Building upon previous research [40], the present study found higher levels of distress amongst regional compared to urban respondents. In recent years, there have been increased efforts to enable access to cancer services for regional haematological cancer patients, since much of their needed care is only offered in urban treatment centres [15]. However, unwarranted variation in care for regional patients is an issue that continues to demand action, which has likely heightened during the pandemic due to travel restrictions posing additional barriers to accessing care.

Limitations

Several study limitations need to be considered. First, an eligibility requirement that respondents have sufficient English language skills is likely to have prevented the participation of individuals from culturally and linguistically diverse (CALD) backgrounds. Future research considering the needs of these individuals is critical. This is particularly important given the rapid uptake of telehealth consultations, which are less suited to CALD patients and may exacerbate inequalities that are already apparent in cancer care [15, 41]. Second, the present findings should be interpreted with caution due to the potential for bias resulting from our self-selection recruitment method. Third, as this study was cross-sectional, causative links cannot be assumed and require further investigation in prospective studies. Fourth, the heterogenous sample of haematological cancer patients surveyed conflates a range of haematological cancer subtypes, types and number of treatments carried out, and risk of progression over time. In this sample, both aggressive and indolent subtypes and treatments with and without curative intent can be found, which have corresponding implications for assessing FCR. As such, the prevalence of psychological distress, unmet needs, and FCR associated with specific haematological cancer subtypes and treatments may not be elucidated in this study, and we cannot generalise the results to all haematological cancer patients.
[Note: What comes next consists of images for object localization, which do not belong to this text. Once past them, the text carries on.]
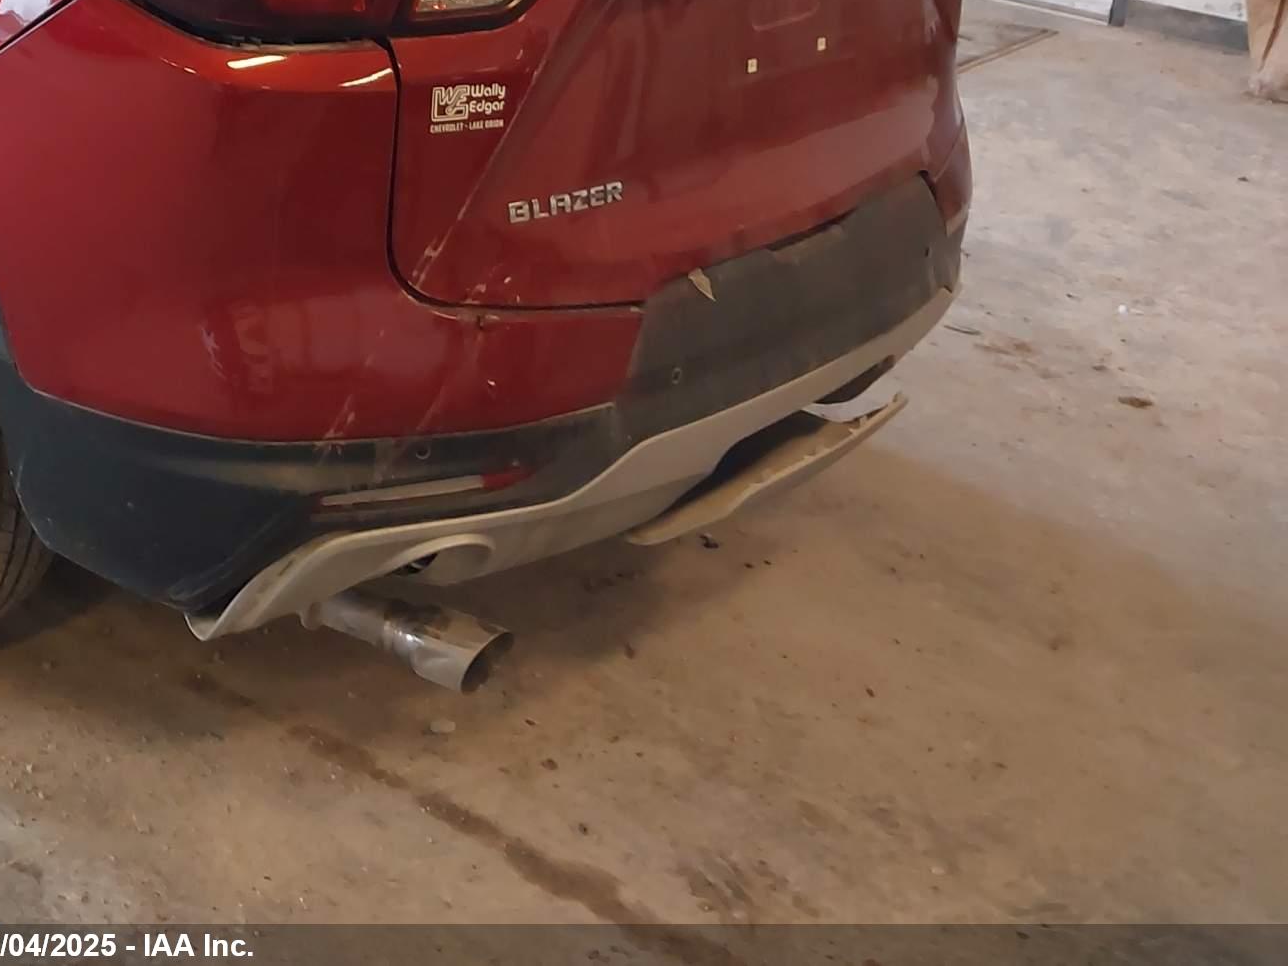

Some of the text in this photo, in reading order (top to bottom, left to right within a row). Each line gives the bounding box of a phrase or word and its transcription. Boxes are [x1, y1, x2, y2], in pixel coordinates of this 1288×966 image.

[471, 83, 506, 99] Wally
[469, 100, 505, 115] Edgar
[508, 181, 623, 223] BLAZER
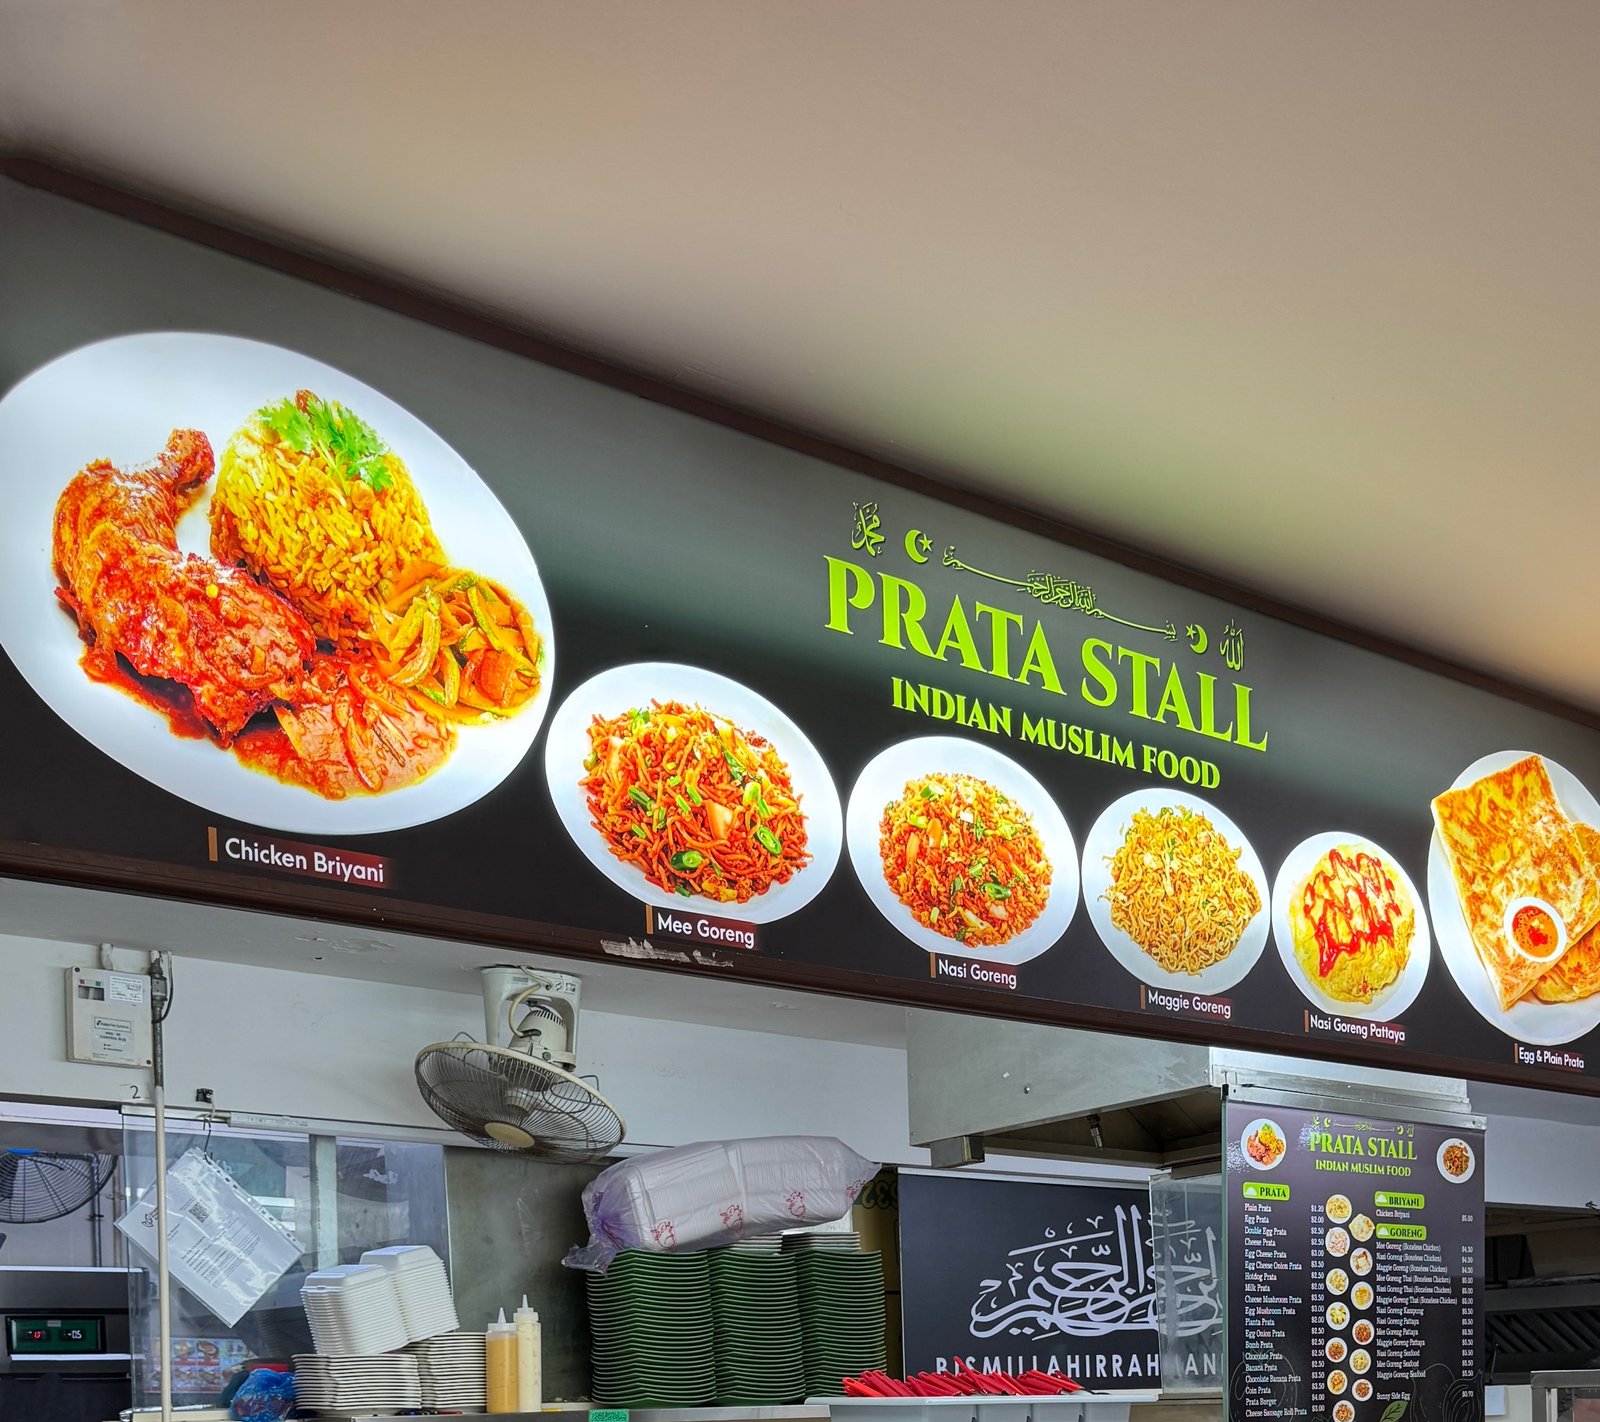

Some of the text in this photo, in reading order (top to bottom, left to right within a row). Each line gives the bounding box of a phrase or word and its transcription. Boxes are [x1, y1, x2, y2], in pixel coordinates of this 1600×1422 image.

[823, 554, 1269, 752] PRATA STALL
[890, 677, 1221, 790] INDIAN MUSLIM FOOD
[224, 838, 384, 883] Chicken Briyani
[657, 912, 755, 949] Mee Goreng
[938, 959, 1017, 990] Nasi Goreng
[1148, 989, 1231, 1019] Maggie Goreng
[1310, 1014, 1405, 1043] Nasi Goreng Pattaya
[1519, 1047, 1585, 1070] Egg & Plain Prata
[130, 1085, 141, 1099] 2
[1309, 1131, 1417, 1160] PRATA STALL
[1315, 1159, 1411, 1177] INDIAN MUSLIM FOOD
[1260, 1187, 1286, 1197] PRATA
[1389, 1196, 1419, 1207] BRIYANI
[1258, 1204, 1271, 1212] Prata
[1245, 1214, 1269, 1225] Egg Prata
[1263, 1227, 1273, 1237] Egg
[1274, 1227, 1287, 1236] Prata
[1390, 1228, 1422, 1238] GORENG
[1263, 1238, 1276, 1247] Prata
[1245, 1249, 1255, 1259] Egg
[1274, 1250, 1287, 1259] Prata
[1245, 1261, 1255, 1271] Egg
[1289, 1262, 1302, 1270] Prata
[1264, 1272, 1277, 1281] Prata
[1257, 1284, 1270, 1292] Prata
[1289, 1295, 1302, 1304] Prata
[1245, 1306, 1255, 1317] Egg
[1283, 1307, 1295, 1315] Prata
[1262, 1318, 1274, 1326] Prata
[1245, 1329, 1255, 1339] Egg
[1272, 1329, 1285, 1337] Prata
[1260, 1341, 1273, 1349] Prata
[1270, 1352, 1282, 1360] Prata
[1264, 1363, 1277, 1372] Prata
[1289, 1374, 1301, 1383] Prata
[1258, 1386, 1271, 1395] Prata
[1246, 1398, 1259, 1406] Prata
[1295, 1407, 1307, 1415] Prata
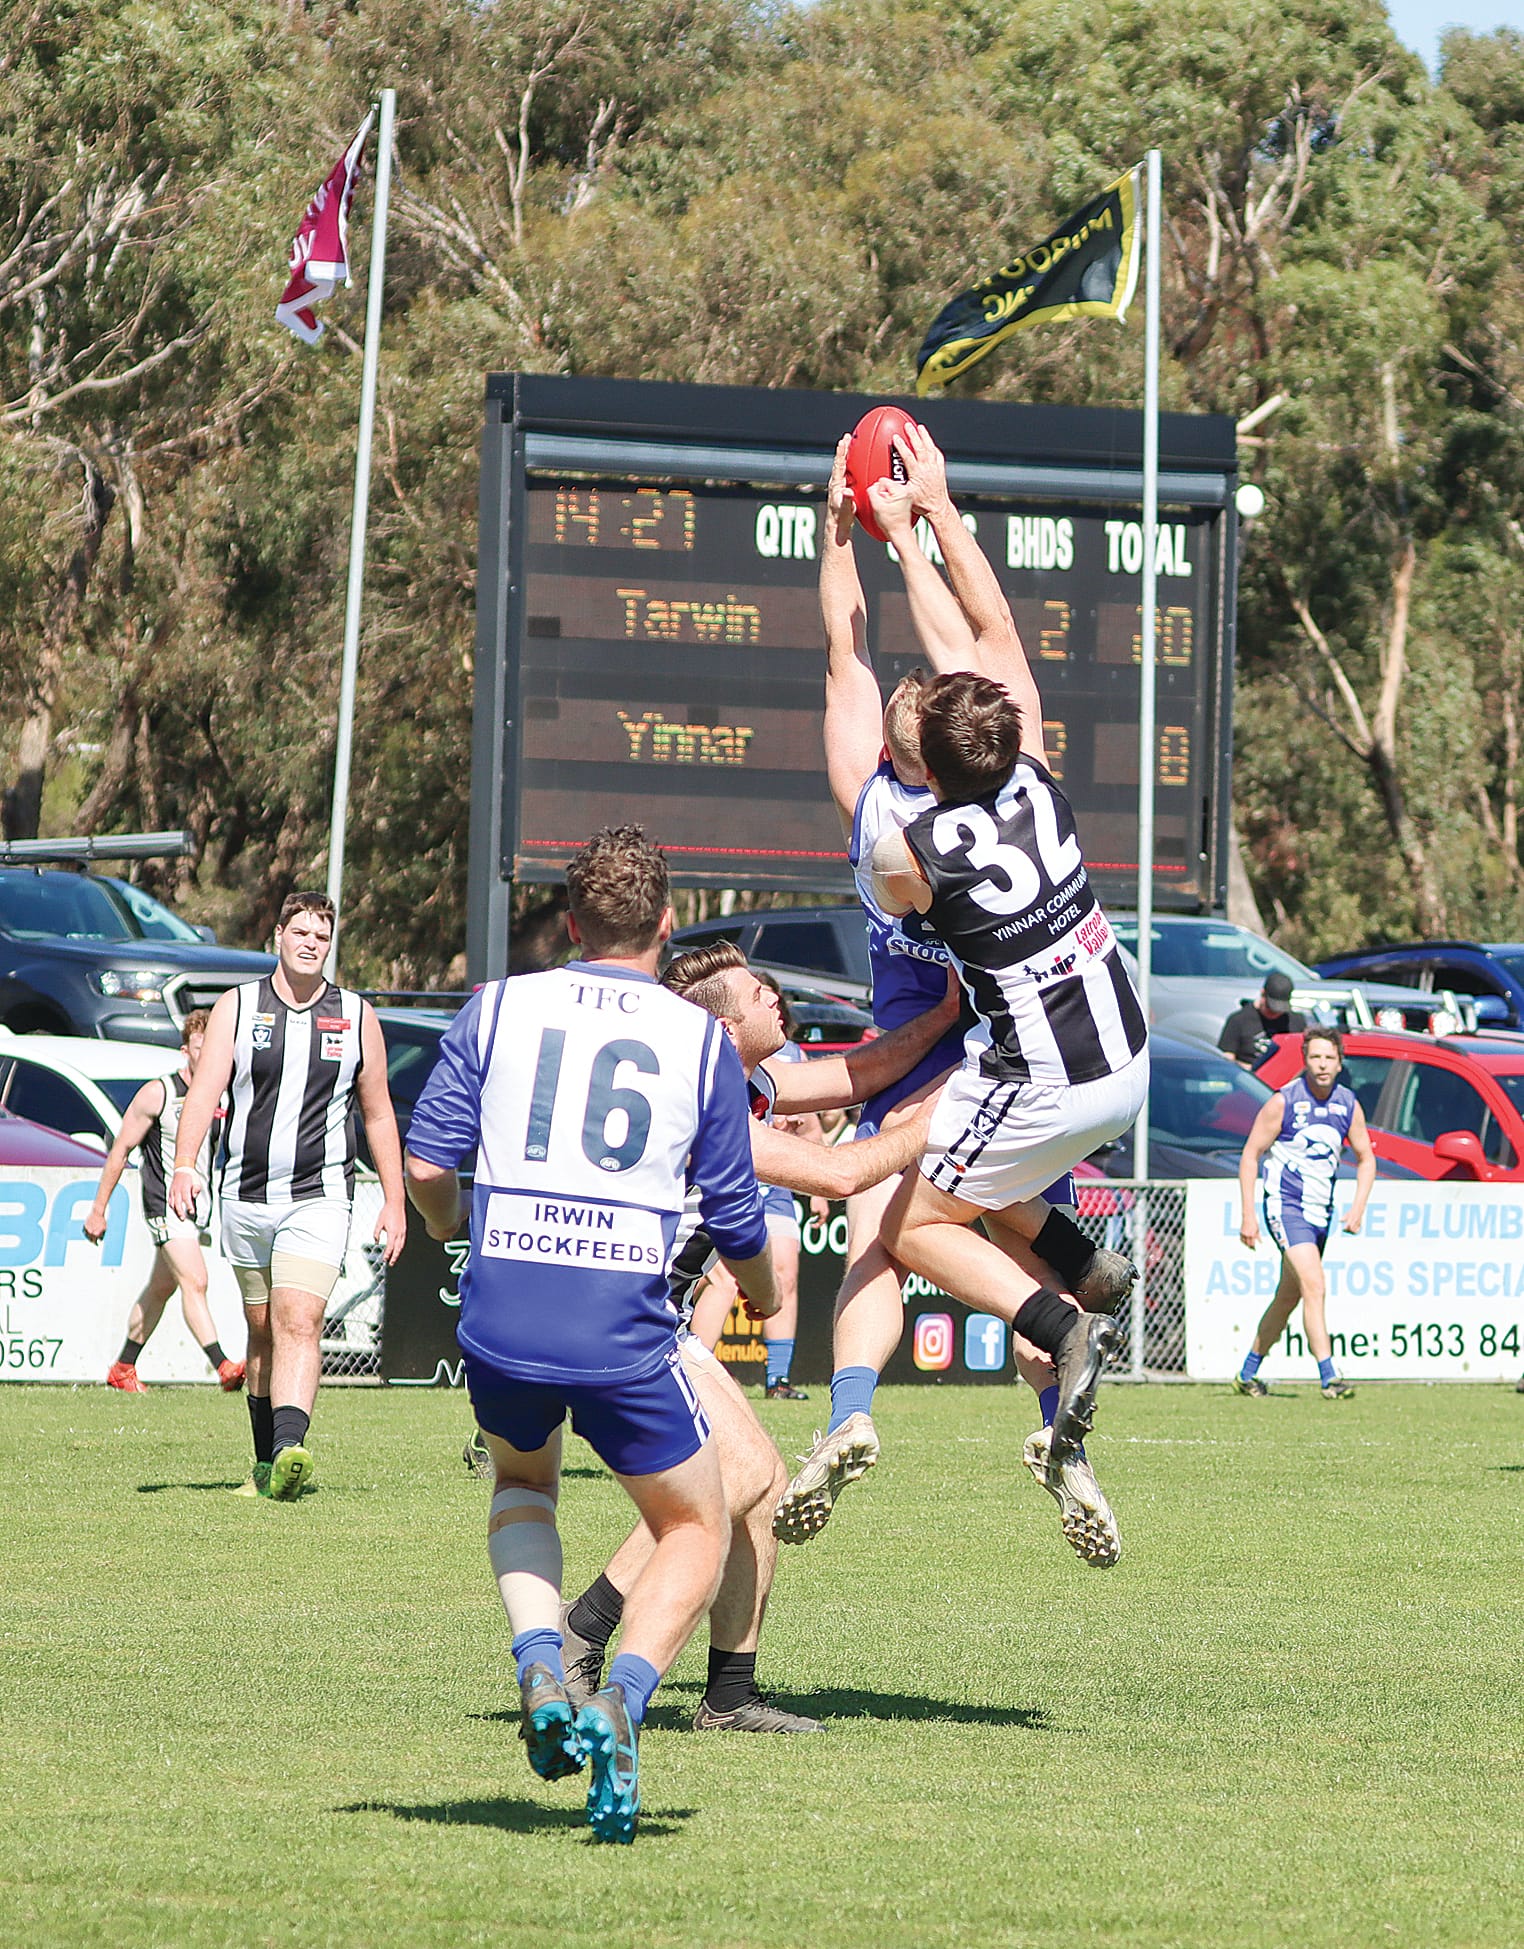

Finally, this study did not include detailed questions about patients’ perspectives or experiences resulting from receiving care via telehealth. A qualitative study examining the perceived value of telehealth during the COVID-19 pandemic is currently ongoing.

Conclusion

The present study is one of the first to explore the prevalence and correlates of psychological distress, unmet needs, and FCR in haematological cancer patients during the COVID-19 pandemic. Results indicate that respondents experience high levels of distress and unmet needs, and that the majority in remission experience clinical FCR. These findings highlight the need for supportive interventions to assist haematological cancer patients to better manage distress, unmet needs, and FCR, which is particularly important during pandemic times when face-to-face clinical care is limited. The correlated factors identified in this study can be used to inform the development of appropriate support interventions and target those most in need, including financial concerns, lost income, younger age, living in a regional area, perceived risk of contracting COVID-19, and concern about the impact of COVID-19 on the management of haematological cancers. It is hoped that the present findings encourage much needed efforts to minimise major disruptions to cancer care and mitigate the longer-term psychological impact on people with haematological cancers.